Ancistrus sericeus is a species of freshwater ray-finned fish belonging to the family Loricariidae, the suckermouth armoured catfishes, and the subfamily Hypostominae, the suckermouth catfishes. This catfish is endemic to Peru.

==Taxonomy==
Ancistrus sericeus was first formally described in 1872 by the American paleontologist and ichthyologist Edward Drinker Cope, with its type locality given as the Ambyiacu River in Peru. Eschmeyer's Catalog of Fishes classified the genus Ancistrus in the subfamily Hypostominae, the suckermouth catfishes, within the suckermouth armored catfish family Loricariidae.
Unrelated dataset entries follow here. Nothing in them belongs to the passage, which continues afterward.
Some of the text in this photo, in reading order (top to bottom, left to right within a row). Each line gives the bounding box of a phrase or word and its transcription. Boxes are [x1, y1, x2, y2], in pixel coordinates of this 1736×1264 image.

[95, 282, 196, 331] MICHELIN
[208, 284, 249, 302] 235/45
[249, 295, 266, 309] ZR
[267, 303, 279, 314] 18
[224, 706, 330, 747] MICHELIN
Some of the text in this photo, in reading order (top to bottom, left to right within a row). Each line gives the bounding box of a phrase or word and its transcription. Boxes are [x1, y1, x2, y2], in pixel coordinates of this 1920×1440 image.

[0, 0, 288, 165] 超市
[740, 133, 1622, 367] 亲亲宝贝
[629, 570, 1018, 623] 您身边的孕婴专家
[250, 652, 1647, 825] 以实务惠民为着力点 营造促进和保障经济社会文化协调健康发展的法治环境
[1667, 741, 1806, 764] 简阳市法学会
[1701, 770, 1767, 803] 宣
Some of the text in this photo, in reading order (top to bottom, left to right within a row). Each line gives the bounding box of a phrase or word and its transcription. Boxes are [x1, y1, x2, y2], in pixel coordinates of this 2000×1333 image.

It has also been classified in the tribe Ancistrini by some authorities.

==Etymology==
Ancistrus sericeus is classified in the genus Ancistrus, a name coined by Rudolf Kner, but when he proposed the genus he did not explain the etymology of the name. It is thought to be from the Greek ágkistron, meaning a "fish hook" or the "hook of a spindle", a reference to the hooked odontodes on the interopercular bone. The specific name, sericeus, means "silky" or "silken". Cope did not explain his choice of name, nor is it evident.

==Description==
Ancistrus sericeus reaches a standard length of 5 cm. Ancistrus species develop soft, bushy tentacles on the snout when sexually mature; these are better developed in the males than they are in females.

==Distribution and habitat==
Ancistrus sericeus is endemic to Peru, where it is found in the Amazon basin. This species is a benthic species which is found in white and clear waters.

==Conservation status==
Ancistrus sericeus is classified as Least Concern by the International Union for Conservation of Nature, because although it has a small range, it mostly lies within a protected area, and there are no known threats to this species.